Wednesday, 26 September 2012

The Shapeshifters’ Library - Interview with Amber Polo

A sundog welcome to author Amber Polo!  

There’s no better way to escape the craziness down here in my rabbit hole (seabed?) than a good read (believe me, there’s been plenty of craziness around here since my last post and plenty of reading to offset it). 

I’m particularly partial to good fantasy novels whose peculiarities offset my grim and clammy “realities”. Amber Polo’s  The Shapeshifters' Library: Released (Blue Merle Publishing, 2012), the newly published first volume of a series, is just the ticket to chase away bossy Red Queens and your jellyfish blues.

I’ve had the pleasure of meeting this busy author around my former literary stomping grounds in the highlands of Yavapai County, Arizona. She’s the quintessential jack-of-all-trades, though I suspect she’s also an expert at many of the trades she’s taken up. Her multi-faceted careers as a librarian and yoga teacher, with a few stops in between, have culminated in her current life as an author and a blogger at Wordshaping and Relaxing the Writer. She lives in Camp Verde, Arizona on an airpark mesa.

Her published work includes Romancing Rebecca, the novella Christmas on Wherever Island (The Wild Rose Press, 2007 & 2008), the award-winning romance Flying Free (Treble Heart Books, 2009), as well as the guided relaxation CD, Relaxation One Breath at a Time (cdbaby, 2005), and Relaxing the Writer: Guidebook to the Writer’s High (CreateSpace 2011) and Relaxing the Writer: Relaxation, available as the entire MP3 and in single tracks. She is also proud of her short story due to be released soon in the forthcoming anthology Biblioteca Fantastica (Dagan Books, Fall 2012). “Egyptian Holiday" is a prequel to The Shapeshifters’ Library series, explaining that Cleopatra was a dog-shifter and Caesar, a werewolf.

As for the new novel:

“Liberty [Cutter] had been born in Shipsfeather [Ohio] and had lived here until her mother disappeared when she was five years old. Her four law librarian aunts had swooped into town and taken her home with them, eventually adopting her. They refused to talk to her either about her parents or Shipsfeather. She’d taken the job of Library Director because she wanted to run her own small town library and make a difference to the townspeople—and hopefully uncover the secrets of her own history. She should have been suspicious when no other librarian in the entire country had applied for the job, but she’d been too happy to question Fate.”

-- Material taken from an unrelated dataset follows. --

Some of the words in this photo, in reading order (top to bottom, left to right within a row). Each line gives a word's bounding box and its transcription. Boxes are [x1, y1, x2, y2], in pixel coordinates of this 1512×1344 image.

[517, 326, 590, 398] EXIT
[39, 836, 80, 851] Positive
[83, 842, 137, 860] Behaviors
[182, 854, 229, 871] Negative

Liberty’s mother’s disappearance isn’t the only strange thing about Shipsfeather. When she’s on her way to work on the only Monday she hasn’t gone in early, she finds the two-story red brick library is sheathed in smoke and flames and spots a rangy critter fleeing the scene . . .

The story amps up quickly amidst a cast of quirky characters. Liberty must deal again with her nemesis Harold Dinzelbacher, Shipsfeather’s bankster and Chairman of the Library Board of Trustees. He’s blocked every innovation Liberty has ever proposed to update the library. Amid clues that the library fire was no accident and that Dinzelbacher may be more conniving than she realizes, Liberty questions his and the mayor’s plan to situate the new library in the crumbling, old Shipsfeather Athenaeum and Academy building.

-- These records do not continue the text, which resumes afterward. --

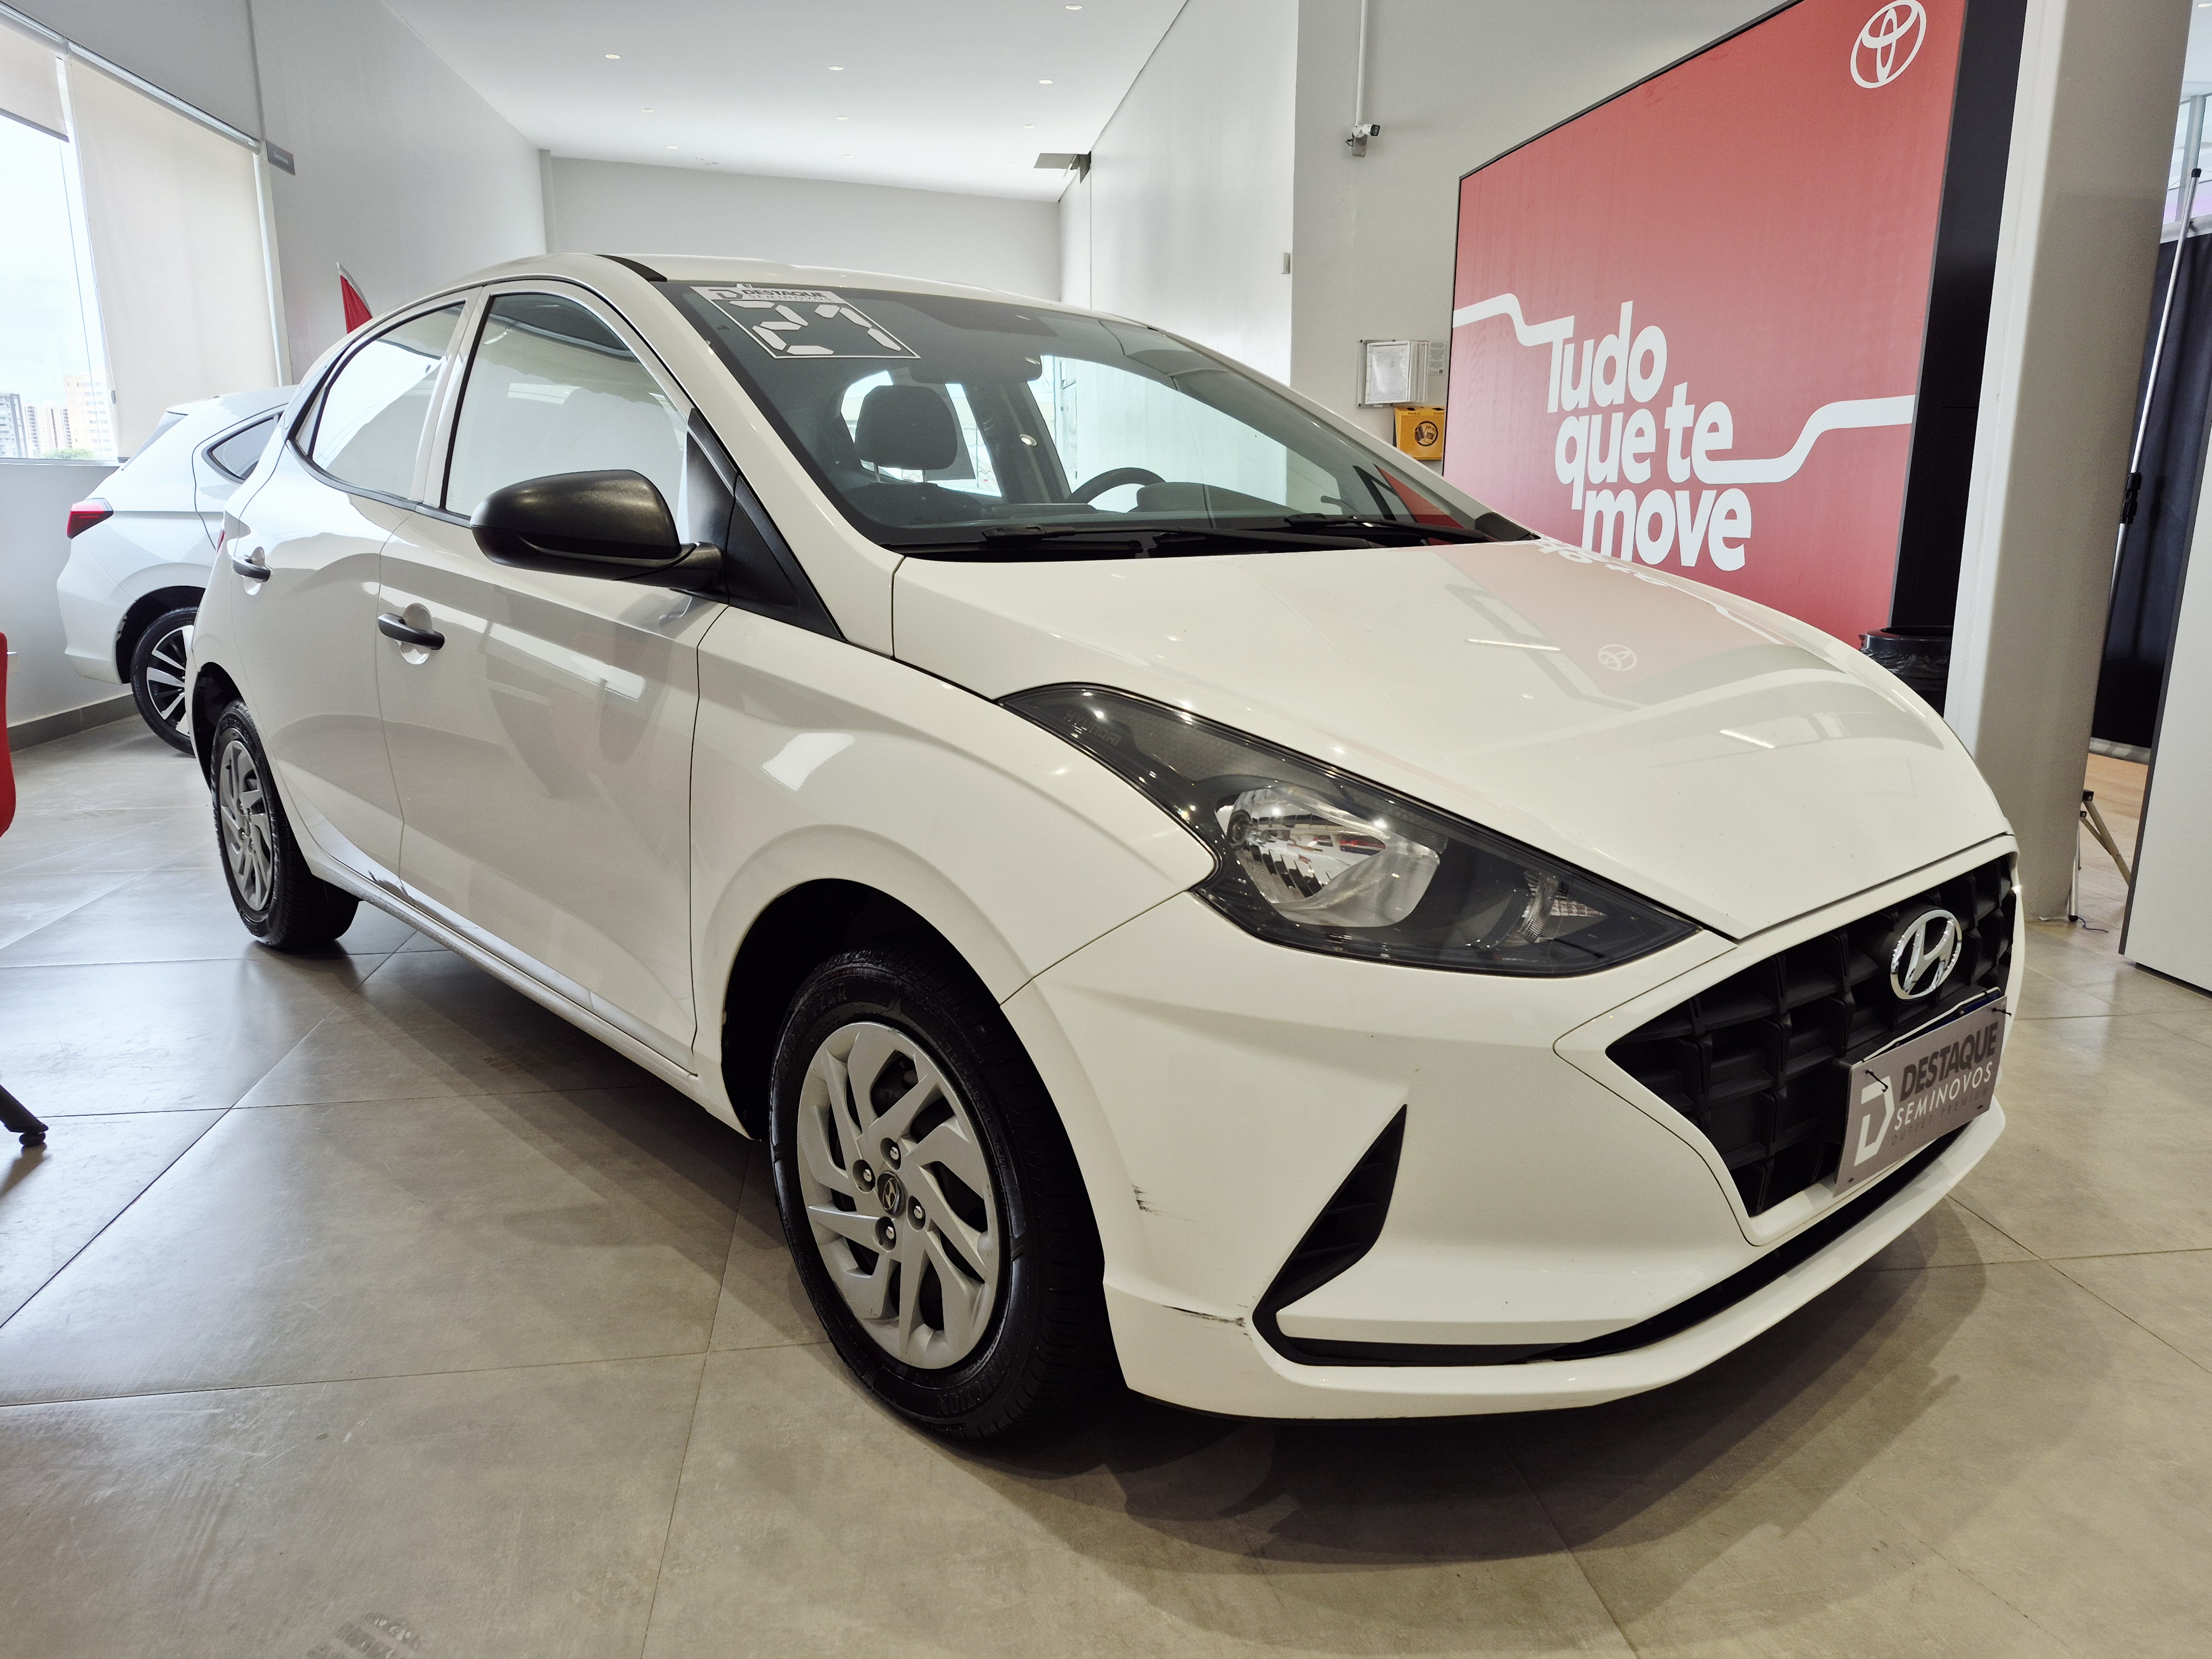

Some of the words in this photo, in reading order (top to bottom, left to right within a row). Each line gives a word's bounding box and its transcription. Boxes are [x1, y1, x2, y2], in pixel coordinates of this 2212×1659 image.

[740, 289, 827, 298] DESTAQUE
[1531, 300, 1667, 413] Tudo
[1554, 408, 1656, 510] que
[1581, 488, 1751, 571] move
[1894, 1061, 1993, 1131] SEMINOVOS
[1899, 1021, 1999, 1102] DESTAQUE

But Liberty buckles down anyway to help renovate the Academy into a shipshape library with all the cyber-age bells and whistles, even as she senses someone following and observing her. Gradually she discovers more than she’d bargained for. Her new books begin to disappear, and she finds that the Shipsfeather Academy was once a training ground for an ancient race of dog-shifters whose mission is to protect the world’s knowledge. A powerful curse sealed those shapeshifter librarians in the Academy basement while a pack of book-burning werewolves took over Shipsfeather in their quest to destroy all books and their defenders forever.

Chronus, the English Sheepdog headmaster of the old Academy and leader of the dog-shifters, cautiously befriends Liberty and they join forces to keep his pack – and the world’s books – safe from the werewolves and their crafty human supporters.

I found the premise of shapeshifting dog librarians not only fun and fascinating, but also convincing and possible. I’ve often suspected librarians and dogs as having much more colorful lives than meets the eye. After all, librarians have all the knowledge of the world at their fingertips and can answer any question given enough time to research it. The domestic dog has over 400 distinctly different-looking breeds, all cultivated from the genes of the ancient grey wolf. If any critter can shapeshift or hide its talents in plain sight, it has to be the “ordinary” dog. Blend these two versatile elements – the humble dog and the humble librarian – as cleverly as Polo does in The Shapeshifters’ Library: Released, and you’ve got, voila, a well-considered, zany fantasy.

KR: Amber, your books and CDs span the gamut from quirky paranormal romance to meditation and relaxation techniques. You’ve obviously taken the adage “write what you know” seriously. Tell us a little about your decision to write and publish particular books

AP: It all makes sense to me. I started writing a paranormal romance because there was a romance writing group close to the rural Arizona town where I moved. And I was near Sedona and these famous vortices helped. I learned many new romance publishers were looking for manuscripts. A friend told me to submit. I was accepted and I began to learn at a faster rate because I was working within the publishing process. Since my first romance started out as a parody of a romance novel, moving to fantasy felt natural. I write funny and had trouble making sure the HEA was not too quirky.

My second novel Flying Free takes place in my aripark neighborhood. All I had to do was imagine some unlikely new neighbors and try not to let my real neighbors know they were going to appear in my book. Guys like this book for the airplanes. “Senior” citizens love it for the oddball neighbors (who, of course, have NO relation to my neighbors.)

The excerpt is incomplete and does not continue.